Growing up fast

Matt Nation enjoyed a tournament with 1,500 teams from 60 countries, but was disturbed by the precocious antics on show

After a month of the corporate-heavy stodge served up in South Africa, the 2010 Gothia Cup appeared to be just the right sort of light and fluffy dessert to cleanse the football tournament attendee’s palate. In the world’s largest youth team competition, many games took place on what looked like an expanse of waste ground converted into astroturf pitches in the heart of Gothenburg (there was some talk of the playing surface being “the best astroturf in the world”, but only in the same unfounded way as Danish-brewed lagers and English top-flight football are touted as being peerless).

The drinks were cheap and served in trademark-free paper cups. Vuvuzelas were present and correct, but only as silent accessories, like studded leather wristbands at a heavy metal concert. Off-field entertainment included a freestyle ball-juggler whose suppleness and ball-eye coordination could have landed him a prime role in a Gerry Anderson film. Even the spectacle of minors warbling We Are The World at the opening ceremony – an event that, in any other setting, really ought to have prompted an inquiry from the Swedish social services – was just the clean side of vomit-inducing.

Regrettably, some of the un-World Cupness evaporated as soon as the football started. This had less to do with the quality of the football played – an English Under-15 team’s central defenders showed infinitely more poise and positional sense against a German side than certain fellow countrymen had demonstrated in a similar fixture a few weeks previously – and more to do with the precociousness of it all.

Things may have become metrogenerational, 40 may be the new 21 and nobody may bat an eyelid at grandfathers sporting nipple-magnifying T-shirts and iridescent jeans with the name of an outdoor activity spread across their backside.

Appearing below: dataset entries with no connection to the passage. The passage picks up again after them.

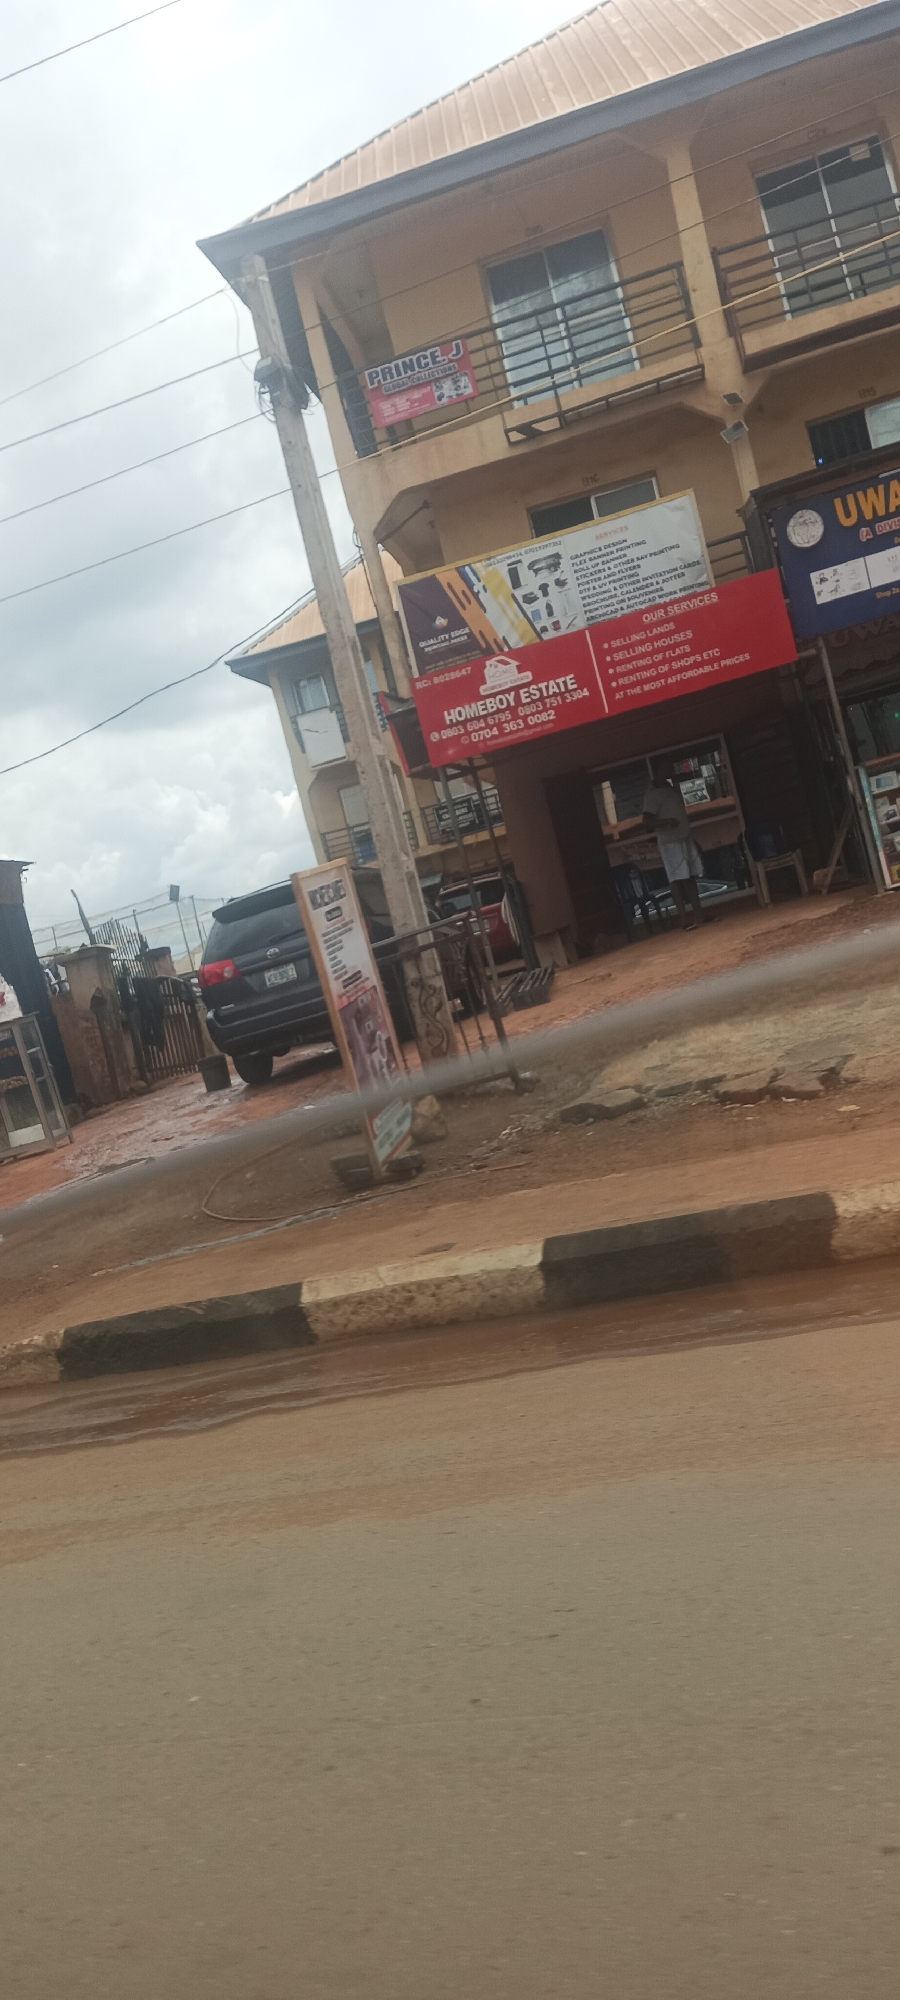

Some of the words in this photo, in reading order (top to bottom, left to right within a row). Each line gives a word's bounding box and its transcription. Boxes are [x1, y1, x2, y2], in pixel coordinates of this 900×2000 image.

[448, 340, 463, 359] J
[383, 379, 409, 393] GLOBAL
[410, 364, 457, 384] COLLECTIONS
[595, 525, 629, 540] SERVICES
[570, 547, 602, 560] GRAPHICS
[603, 538, 628, 550] DESIGN
[571, 559, 587, 567] FLEX
[588, 550, 615, 562] BANNER
[616, 540, 647, 554] PRINTING
[576, 568, 606, 581] STICKERS
[613, 558, 635, 569] OTHER
[649, 544, 680, 558] PRINTING
[573, 565, 590, 574] ROLL
[601, 554, 627, 565] BANNER
[577, 576, 602, 588] POSTER
[603, 572, 618, 580] AND
[618, 564, 641, 575] FLYERS
[580, 587, 612, 602] WEDDING
[619, 578, 640, 590] OTHER
[642, 567, 678, 582] INVITATION
[680, 560, 701, 571] CARDS
[608, 572, 640, 586] PRINTING
[621, 582, 654, 596] CALENDER
[662, 572, 685, 584] JOTTER
[584, 602, 615, 615] PRINTING
[627, 588, 664, 602] SOUVENIRS
[586, 608, 619, 622] ARCHICAD
[626, 596, 656, 610] AUTOCAD
[658, 590, 678, 600] WORK
[678, 581, 709, 593] PRINTING
[642, 608, 665, 623] OUR
[666, 592, 719, 616] SERVICES
[419, 633, 450, 648] QUALITY
[450, 627, 470, 637] EDGE
[610, 630, 646, 648] SELLING
[647, 621, 675, 637] LANDS
[613, 642, 652, 661] SELLING
[654, 629, 693, 649] HOUSES
[616, 657, 652, 674] RENTING
[653, 652, 665, 661] OF
[665, 644, 691, 658] FLATS
[618, 667, 657, 686] RENTING
[657, 663, 670, 673] OF
[671, 654, 702, 670] SHOPS
[703, 647, 721, 660] ETC
[488, 668, 515, 680] HOME
[614, 691, 626, 700] AT
[626, 686, 642, 697] THE
[643, 678, 666, 692] MOST
[667, 663, 720, 684] AFFORDABLE
[720, 652, 751, 668] PRICES
[443, 691, 515, 725] HOMEBOY
[519, 673, 578, 704] ESTATE
[440, 725, 465, 740] 0803
[467, 719, 485, 732] 604
[487, 711, 512, 725] 6795
[518, 702, 543, 717] 0803
[544, 696, 562, 708] 751
[565, 687, 590, 703] 3304
[471, 727, 499, 742] 0704
[502, 719, 524, 733] 363
[528, 710, 556, 725] 0082
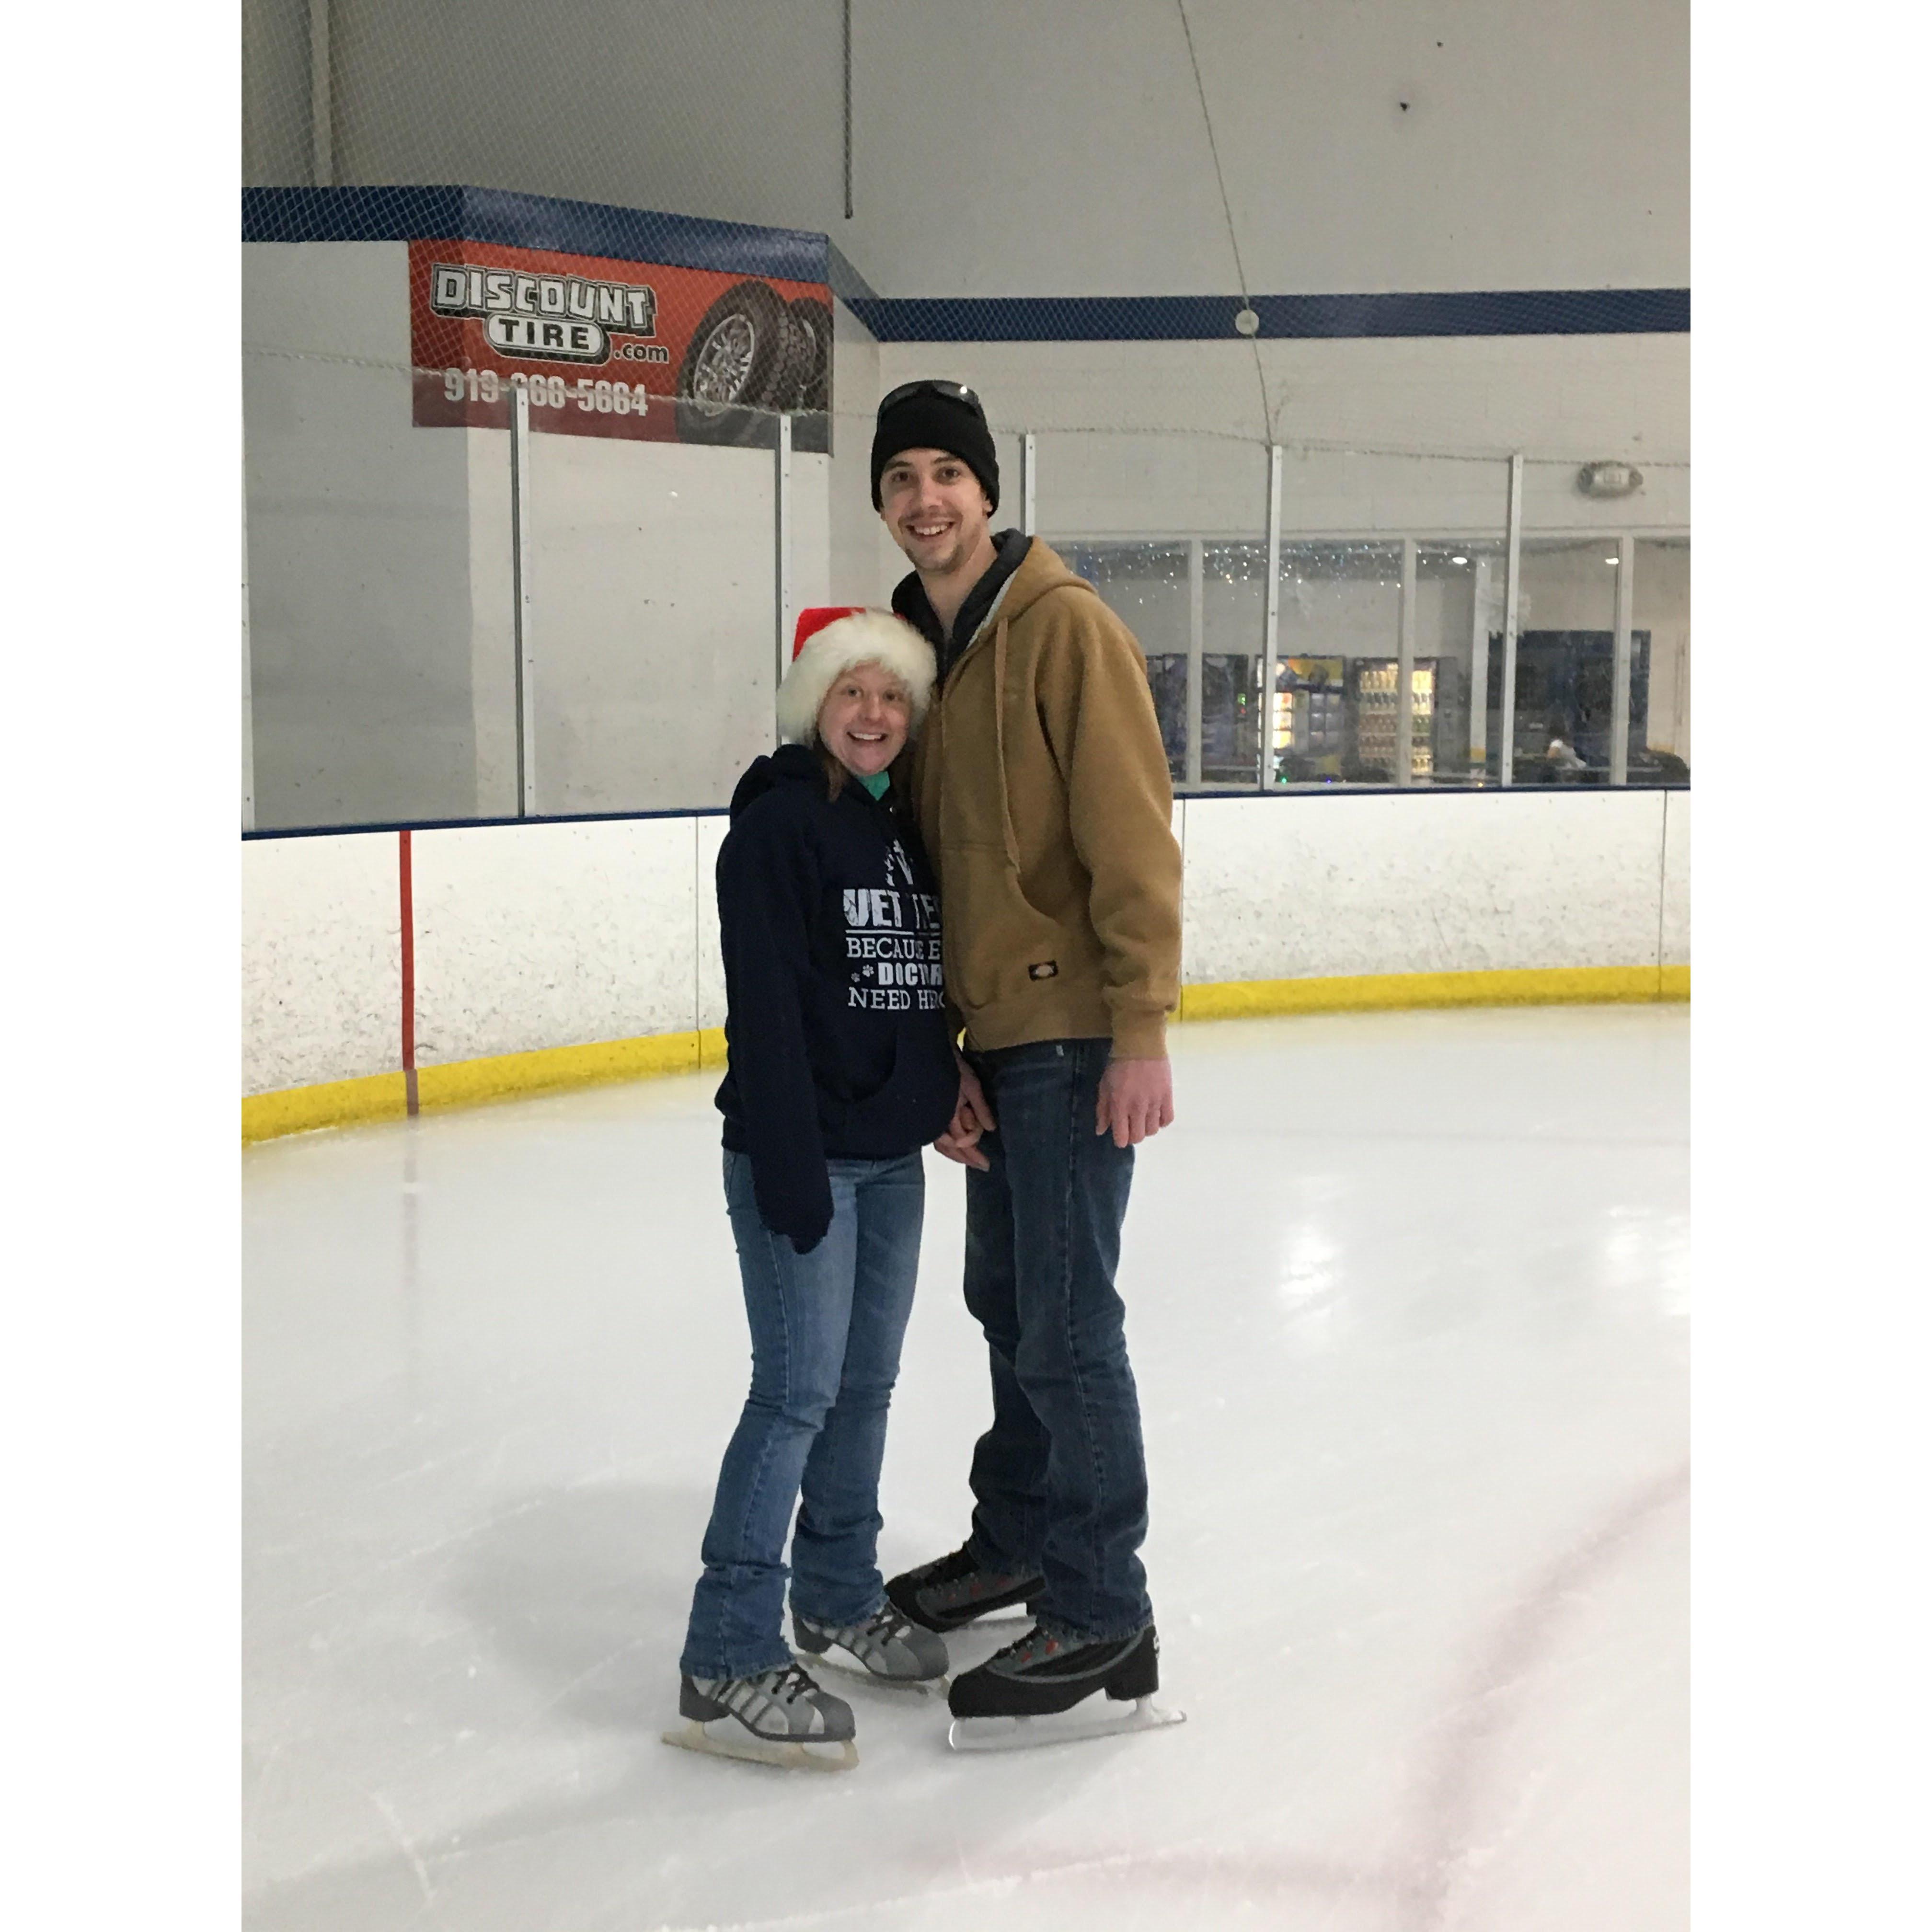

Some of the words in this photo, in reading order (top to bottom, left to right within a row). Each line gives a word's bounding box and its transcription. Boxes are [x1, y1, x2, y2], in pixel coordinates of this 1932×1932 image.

[433, 265, 652, 328] DISCOUNT
[498, 318, 590, 351] TIRE
[613, 343, 669, 364] .com
[843, 888, 902, 928] VET
[848, 987, 910, 1010] NEED

But it doesn’t work the other way round. Children behaving as adults is unsettling. Big would never have been a box-office success if Tom Hanks had played a 12-year-old pretending to be 30. Like Oskar in Günter Grass’s The Tin Drum, he’d have simply frightened the living daylights out of people.

The prematureness wasn’t quite as scary at the Gothia Cup, but it was irritating to a degree not attained since William Hague opened his mouth at the Tory party conference in 1977. Goalscorers not yet out of primary school were kissing wedding rings they weren’t wearing and rocking imaginary new-born babies to sleep.

Assists, however accidental or involuntary, were celebrated by 11-year-olds running over to their coach and jumping into his arms. Parched teenagers stood six inches from their parents, did an exasperated impersonation of Paul Merson celebrating a goal, slaked their thirst and then hurled the bottle at adults’ feet without a word of thanks. And Year Six pupils who think that joining hands, gurning and performing a Mexican wave is going to garner applause should maybe hang up their garish boots and persuade Miss to organise a stage version of Bugsy Malone for next term’s school play.

The solution doesn’t lie in yet again admonishing professional footballers for not being role models. Most children won’t want to start smoking, urinating in the street or getting pleasured in the back of minicabs simply because famous men their fathers’ age do. It’s more a question of putting to the test the theory that play is simply a prelude to work. Most of these kids are going to have to go to work as something other than a professional footballer. And if, at work, you embrace your superior for having a job well done, sooner or later you’re going to have your colleagues slipping the company laptop into your bag when you’re not looking and then tipping security a wink shortly before knocking-off time. If you throw bottles at people, the local constabulary will be round your house wanting a word. If you gesture for plaudits in front of people who neither sired nor bore you, you’re going to get gestures in return, but maybe not quite as reciprocally as you’d imagined.

Of course, it’s too late to stop the horseplay that’s permeated the grown-up game. However, it’s not too late to do something about the next generation. In several countries, Under-12s play a different game anyway – fewer players on a smaller pitch with a lighter ball – so it wouldn’t be out of place to tweak the rules a little, too. Referees could be given special dispensation to apply some of the common sense that’s regularly cried out for and simply send children off for “age-inappropriate behaviour”.

Drink water and then spit it out without swallowing any – you’re off. Contort your face and thump yourself because you stumbled over your own feet in the opponents’ box and the referee fell for it – you’re off. Take your shirt off and start windmilling it around like Joan Crawford after one bathtub gin too many, simply because you, rather than one of your mates, got the finishing touch – you’re off. And you leave the field with your arms spread and a hard-done-by look on your face, you’ll be suspended for six months and all.

If that sounds a trifle daddish, then all the better. Daddishness is what men of my age do. If anybody’s going to wag their fingers, it’s us, not paper boys and Saturday lads – however good their goal was.